Benjamin Franklin Papers

From Benjamin Franklin to Catharine Greene, 23 January 1763

To Catharine Greene

ALS: American Philosophical Society

Philada. Jany. 23. 1763

I received with great Pleasure my Dear Friend’s Favour of December 20.6 as it inform’d me that you and yours are all well.

Mrs. Franklin admits of your Apology for dropping the Correspondence with her, and allows your Reasons to be good;7 but hopes when you have more Leisure it may be renew’d. She joins with me in congratulating you on your present happy Situation. She bids me say, she supposes you proceeded regularly in your Arithmetic, and that, before you got into Multiplication, you learnt Addition, in which you must often have had Occasion to say, One that I CARRY, and two, makes Three.8 And now I have writ this, she bids me scratch it out again. [But] I am 10th to deface my Letter, so e’en let it [stand].

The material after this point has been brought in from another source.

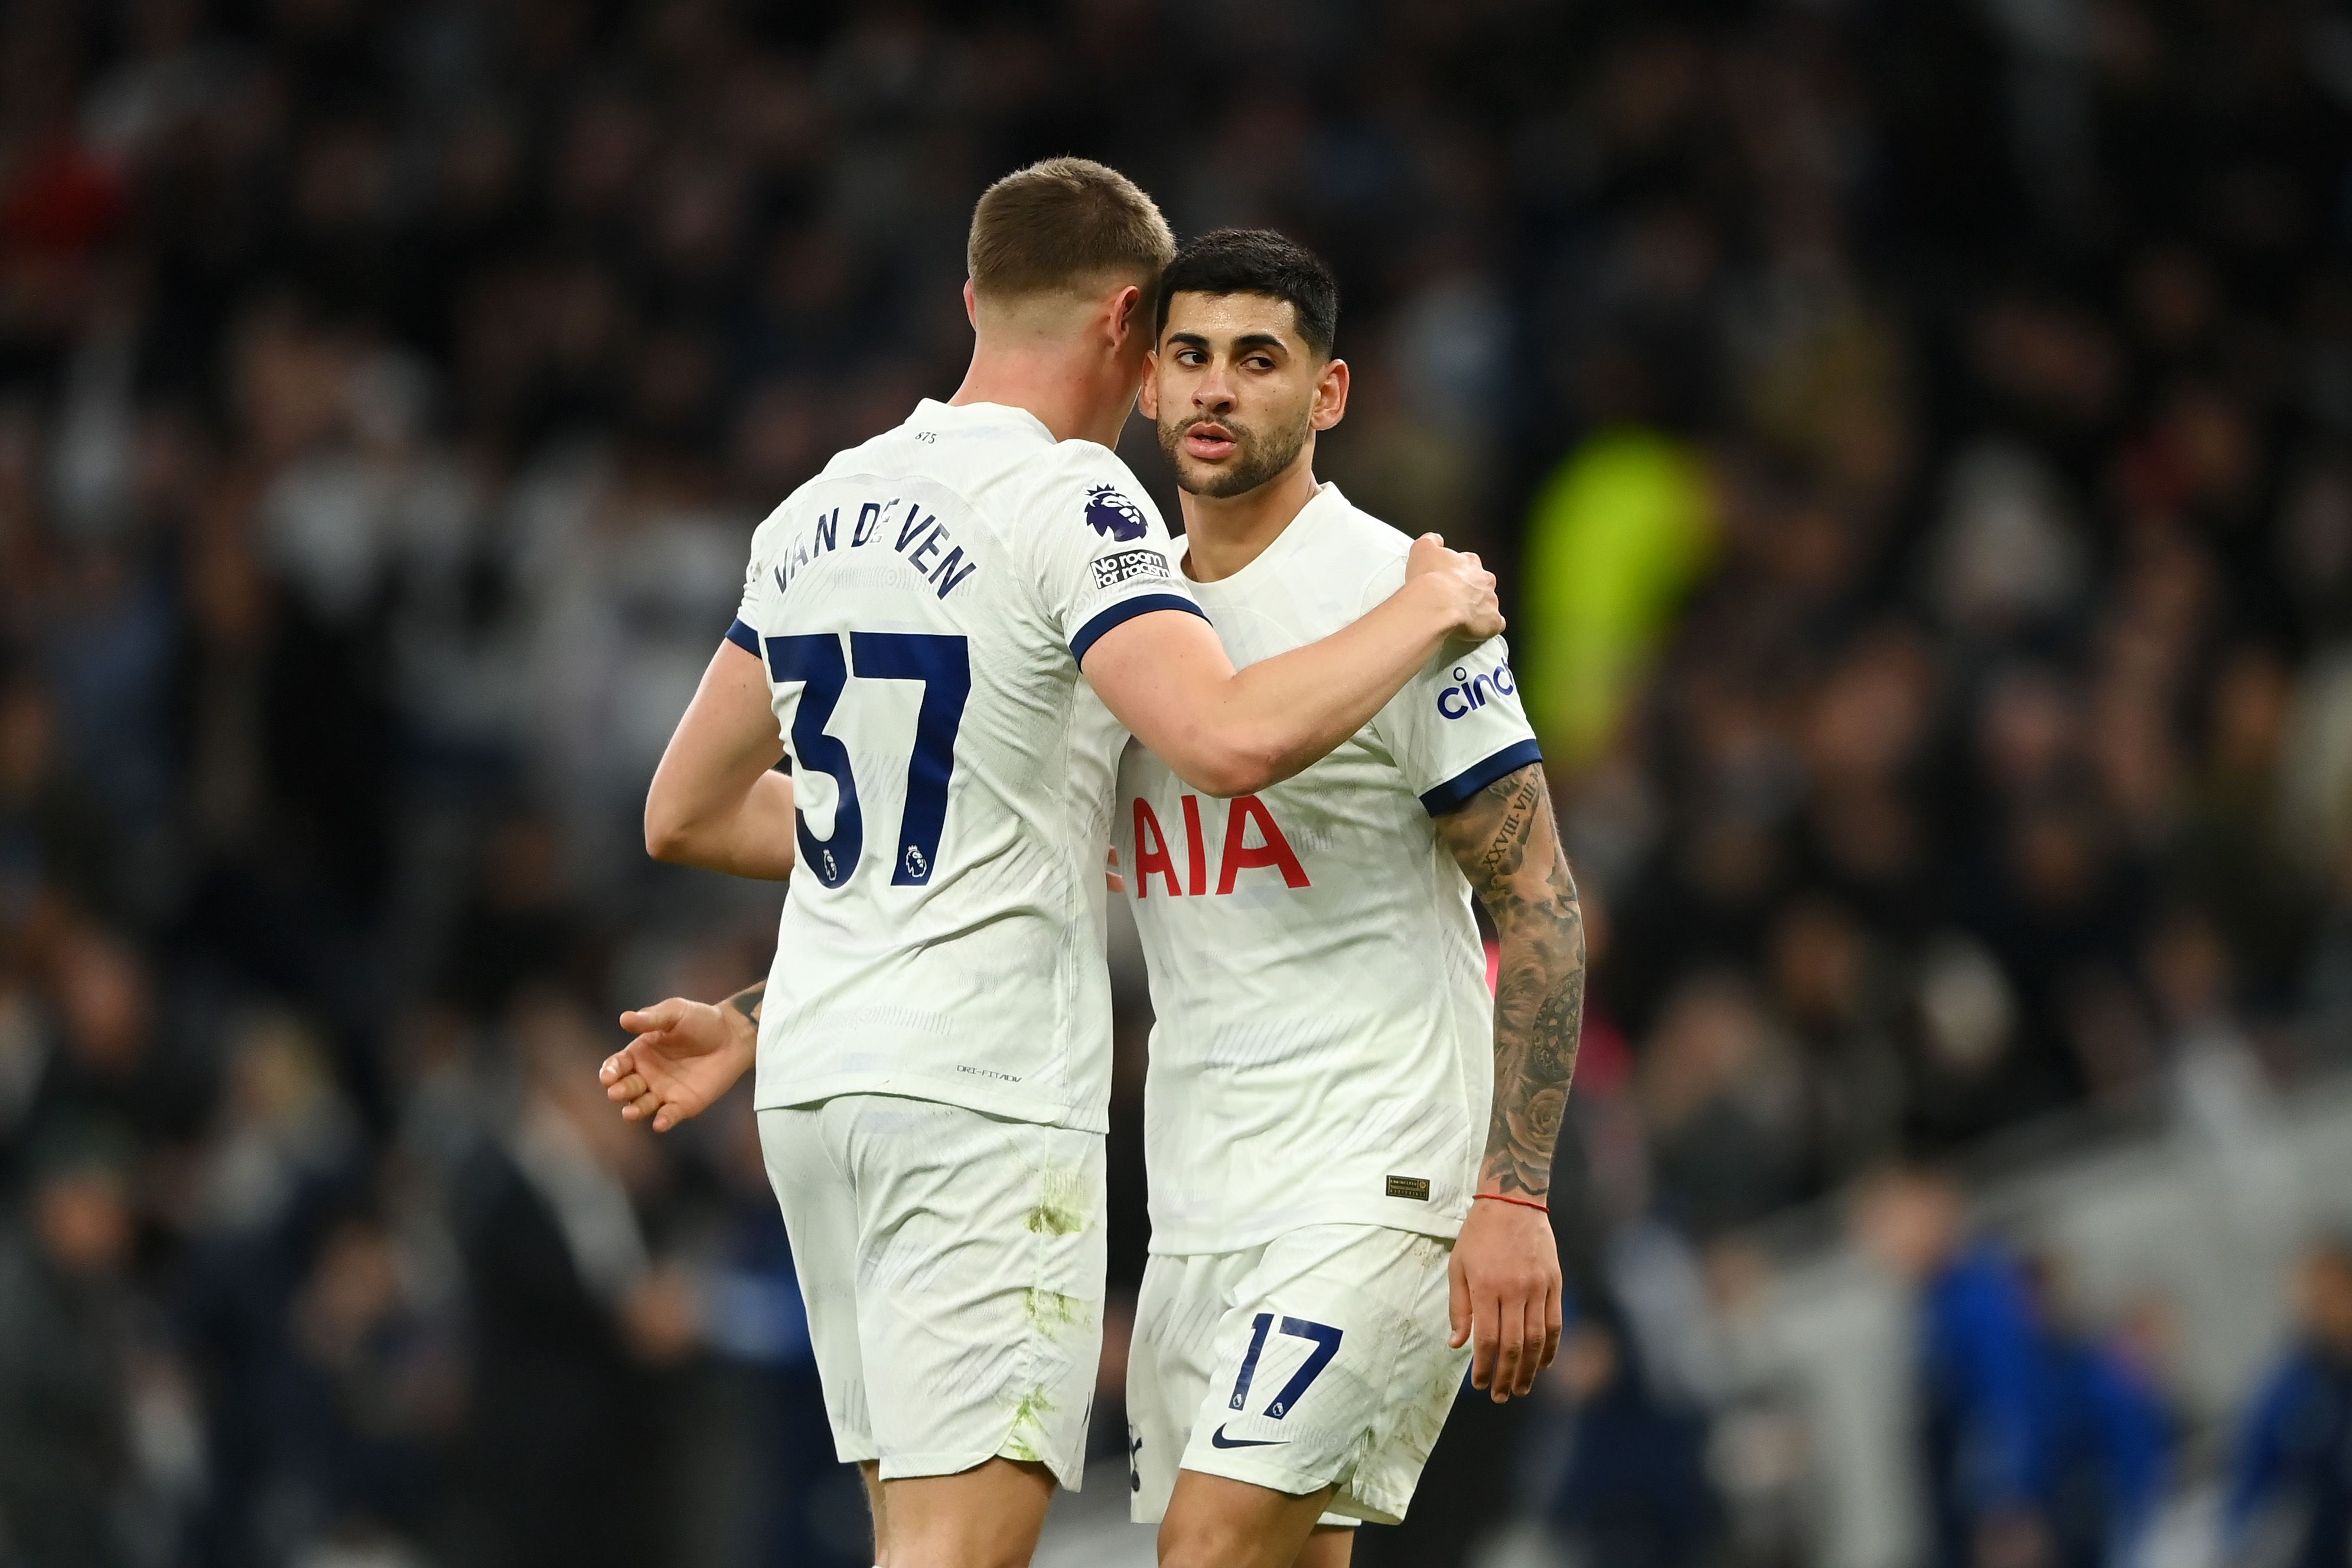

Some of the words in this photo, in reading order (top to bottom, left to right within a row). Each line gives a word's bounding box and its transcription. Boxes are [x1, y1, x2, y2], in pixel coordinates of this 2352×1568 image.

I thank you for your kind Invitation. I purpose a Journey into New England in the Spring or Summer coming.9 I shall not fail to pay my Respects to you and Mr. Greene when I come your Way. Please to make my Compliments acceptable to him.

I have had a most agreable time of it in Europe; have in company with my Son, been in most Parts of England, Scotland, Flanders and Holland;1 and generally have enjoy’d a good Share of Health. If you had ask’d the rest of your Questions, I could more easily have made this Letter longer. Let me have them in your next. I think I am not much alter’d; at least my Esteem and Regard for my Katy (if I may still be permitted to call her so) is the same, and I believe will be unalterable whilst I am &c.

B Franklin

My best Respects to your good Brother and Sister Ward.2 My Daughter presents her Compliments. My Son is not yet arriv’d.3

Mrs. Greene

[Note numbering follows the Franklin Papers source.]

6Not found.

7DF and Caty had corresponded in 1757, but Caty apparently stopped writing, perhaps after her marriage to William Greene, Jr., on April 30, 1758; see above, VII, 277, and this volume, p. 154 n.

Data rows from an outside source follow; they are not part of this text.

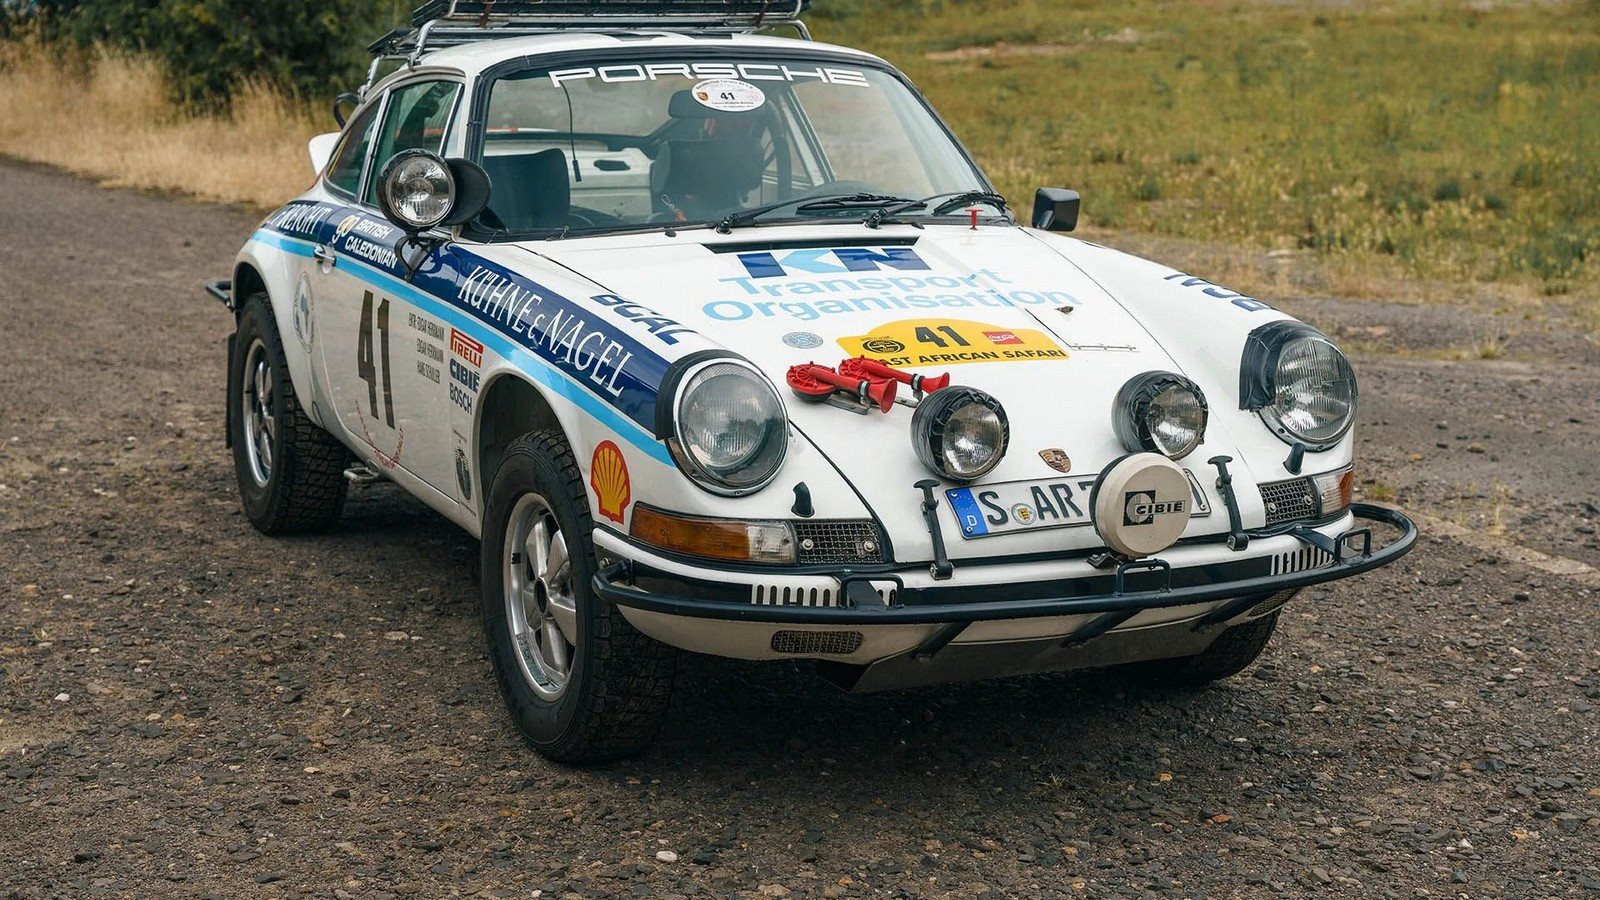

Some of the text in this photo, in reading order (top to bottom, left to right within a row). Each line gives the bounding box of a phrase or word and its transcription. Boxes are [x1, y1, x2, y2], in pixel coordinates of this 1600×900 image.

[548, 62, 870, 88] PORSCHE
[720, 92, 735, 100] 41
[354, 218, 394, 240] BRITISH
[344, 235, 399, 270] CALEDONIAN
[718, 267, 1013, 298] Transport
[702, 287, 1083, 322] Organisation
[449, 327, 484, 369] PIRELLI
[457, 264, 543, 335] KÜHNE
[538, 308, 634, 398] NAGEL
[914, 325, 972, 348] 41
[357, 289, 396, 430] 41
[919, 350, 1000, 366] AFRICAN
[1001, 348, 1067, 360] SAFARI
[449, 381, 473, 416] BOSCH
[966, 515, 978, 528] D
[978, 490, 1009, 526] S

8By this time Caty had two daughters: Phebe, born on March 20, 1760, and Celia, born on June 15, 1762. Her first son, Ray, was born on Feb. 2, 1765, and after him came Samuel Ward, June 24, 1771, and Anne, June 17, 1774. Louise B. Clarke, The Greenes of Rhode Island (N. Y., 1903), p. 175. In a letter of Oct. 16, 1755, BF had joked with Caty about “Addition,” “Multiplication,” and the “Rule of Three.” See above, VI, 225.

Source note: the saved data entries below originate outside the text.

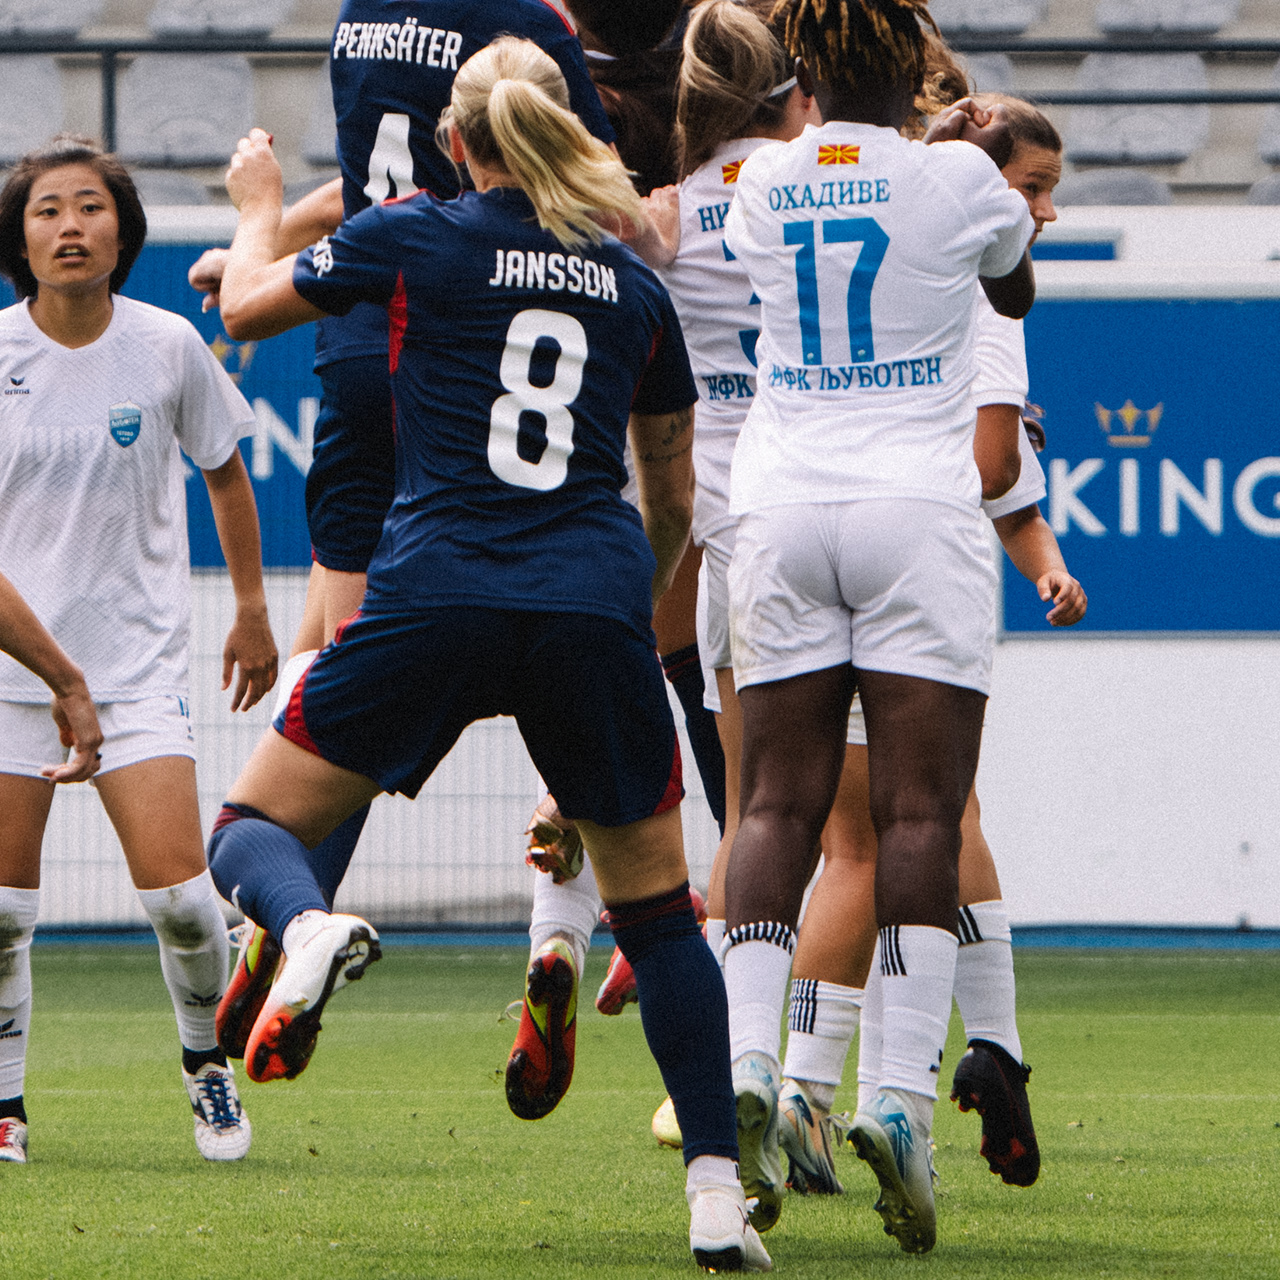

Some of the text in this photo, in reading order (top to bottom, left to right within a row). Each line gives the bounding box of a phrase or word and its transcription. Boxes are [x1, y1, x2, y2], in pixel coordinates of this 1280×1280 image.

[333, 17, 463, 70] PENNSÄTER
[769, 178, 891, 211] ОХАДИВЕ
[489, 249, 619, 304] JANSSON
[783, 216, 891, 366] 17
[487, 308, 589, 491] 8

9For BF’s summer journey to New England, see below, pp. 276–9. He visited the Greenes at Warwick, R. I., on his way to Boston in July and on his return to Philadelphia in October.

1For BF’s travels during his first mission to England, see above, VIII, 133–46, 430–1; IX, 231 n, 364–5.

2Caty’s sister Anna and her husband Samuel Ward; see above, p. 154 n.

3WF arrived in Philadelphia on Feb. 19, 1763.